// the find
georgian-io/LLM-Finetuning-Toolkit
Toolkit for fine-tuning, ablating and unit-testing open-source LLMs.
A config-driven CLI for running LLM fine-tuning experiments, ablation studies, and basic QA testing against open-source models via HuggingFace + PEFT. You define one YAML file, point it at a dataset and one or more models, and it fans out training runs across all combinations. Aimed at ML engineers who want systematic experimentation without wiring up the boilerplate every time.
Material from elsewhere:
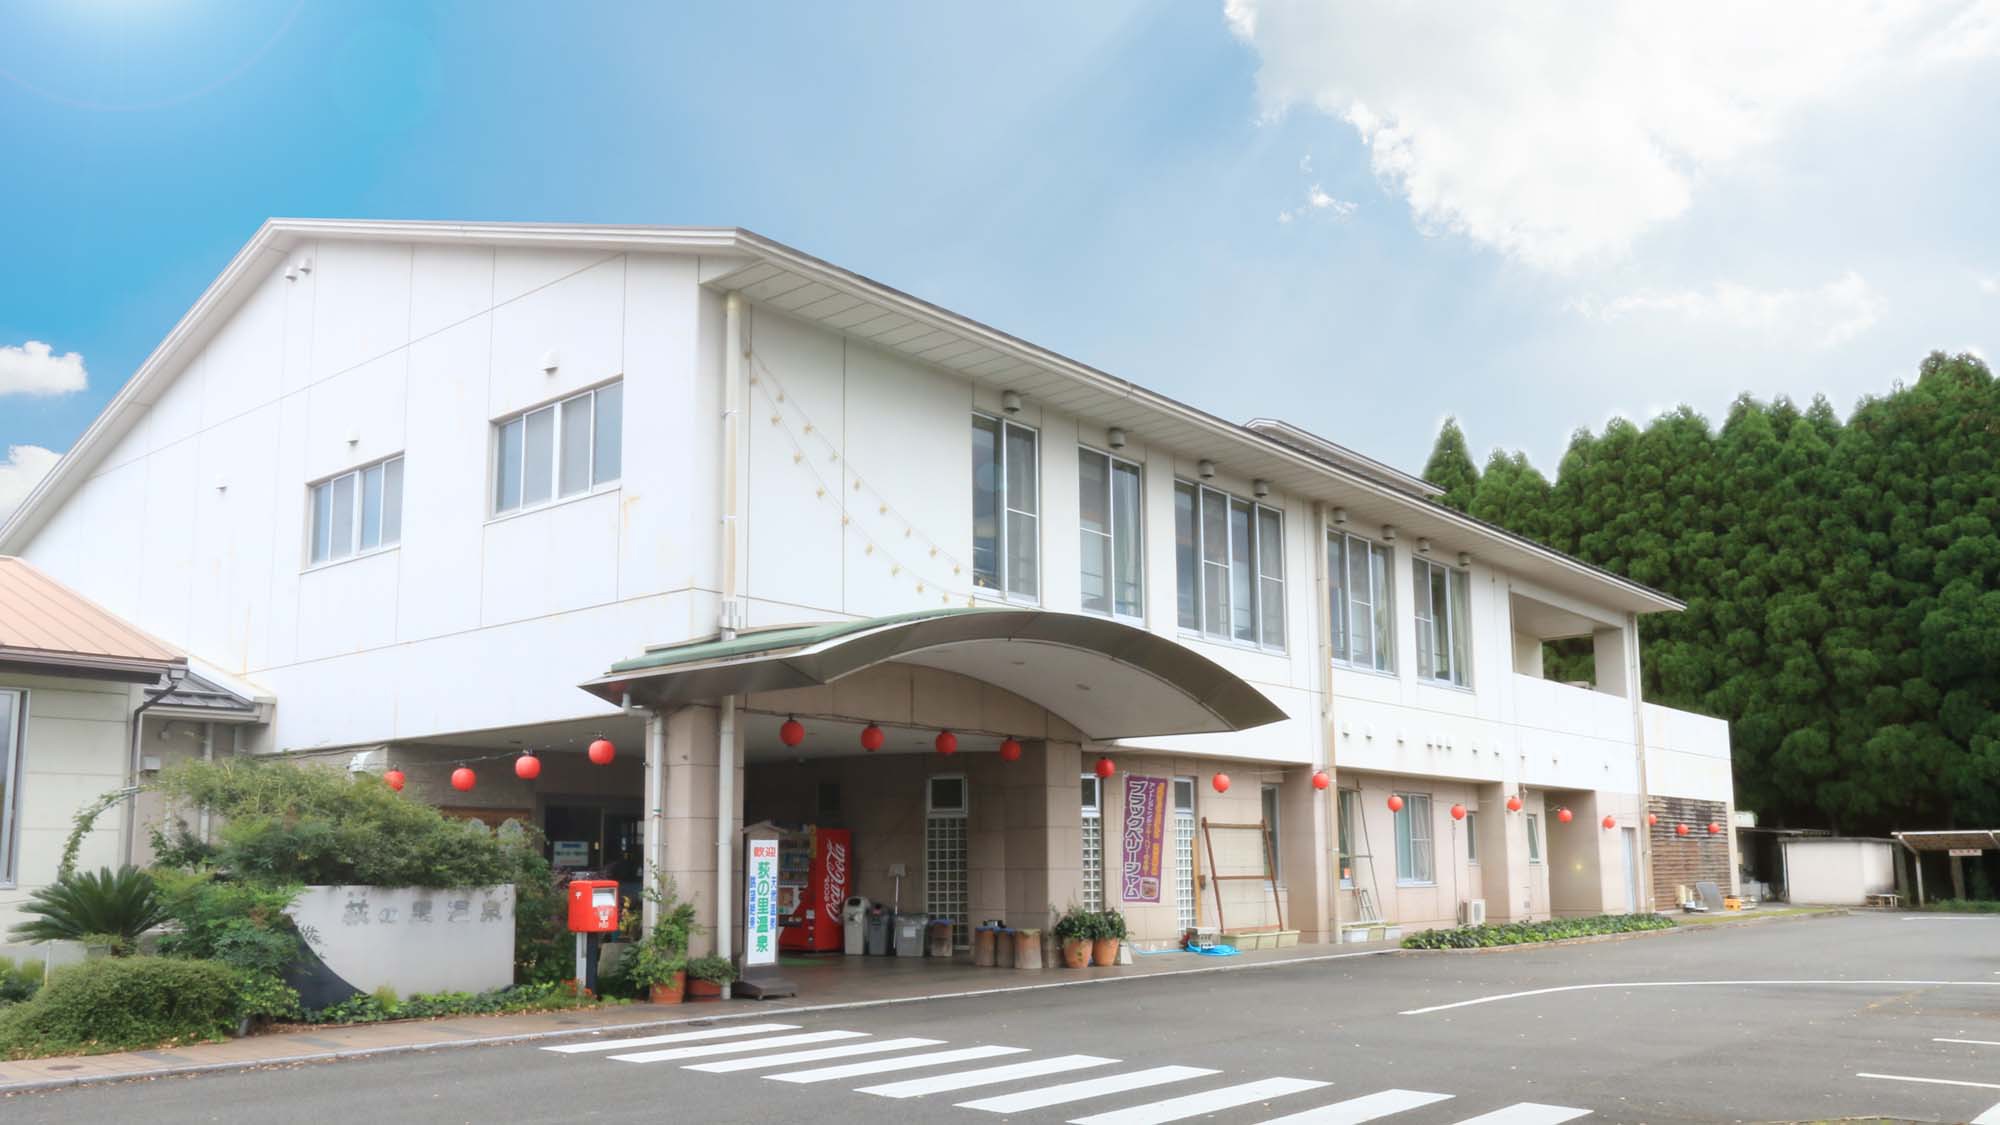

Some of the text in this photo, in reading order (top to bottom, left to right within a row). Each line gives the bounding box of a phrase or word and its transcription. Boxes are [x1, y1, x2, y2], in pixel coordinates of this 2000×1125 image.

[754, 847, 776, 857] 歓迎
[826, 838, 845, 922] Coca-Cola
[1126, 781, 1147, 898] ブラックベリージャム
[756, 861, 770, 952] 荻の里温泉
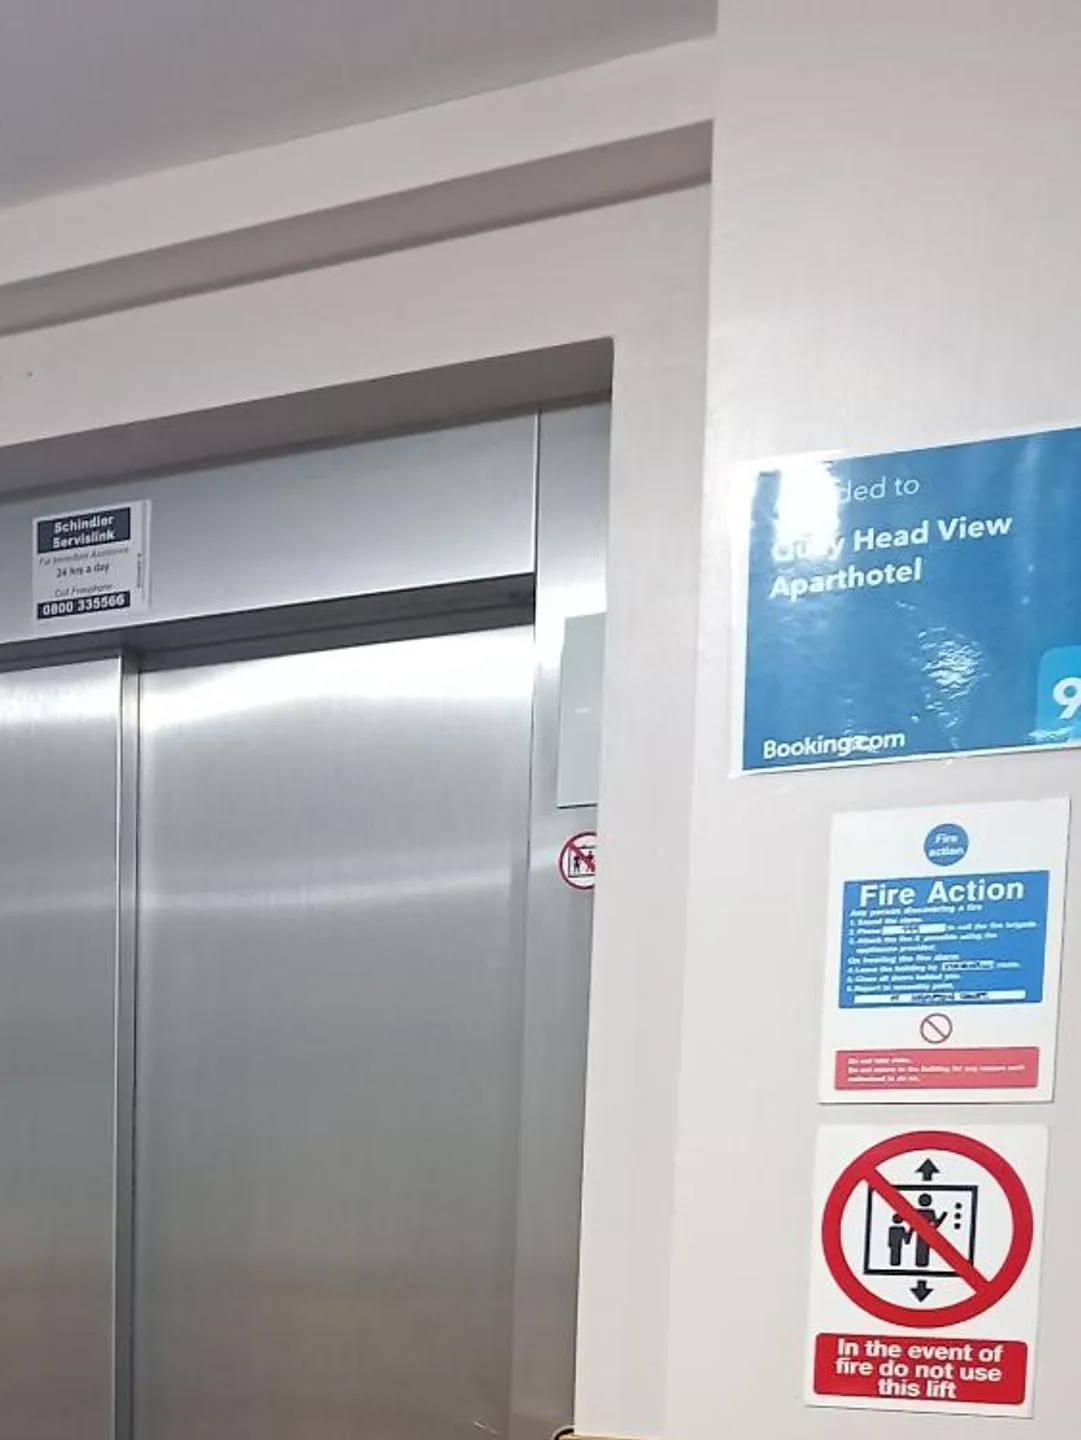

The ablation matrix in a single YAML is genuinely useful — specifying multiple models, LoRA ranks, and prompt templates and getting all combinations run automatically saves real setup time. The hash-based artifact directory means interrupted runs resume without re-downloading or re-generating datasets, which is a practical detail most similar tools miss. The QA test suite is a real differentiator: shipping CSV-driven tests for things like JSON validity and dot-product similarity against model output is more rigorous than 'eyeball the generations'. Code structure is clean — data, finetune, inference, and qa are properly separated modules, not one giant script.
The model roster in the docs (Llama 2, Falcon, Mistral 7B) is frozen in time — the repo topics and examples haven't caught up to anything post-2023, and there's no evidence Llama 3, Gemma, or Phi-3/4 work without manual config surgery. The QA metrics are shallow: word overlap and length tests are table stakes, but there's no integration for evals like LLM-as-judge or standard benchmarks (MMLU, MT-Bench), so you can confirm output length but not whether it's actually better. The llama2/ and mistral/ directories at the repo root are dead weight — standalone scripts that predate the CLI and aren't wired into anything, just sitting there creating confusion about what the canonical entry point is. No distributed training support; if your model doesn't fit in one GPU with QLoRA, you're on your own.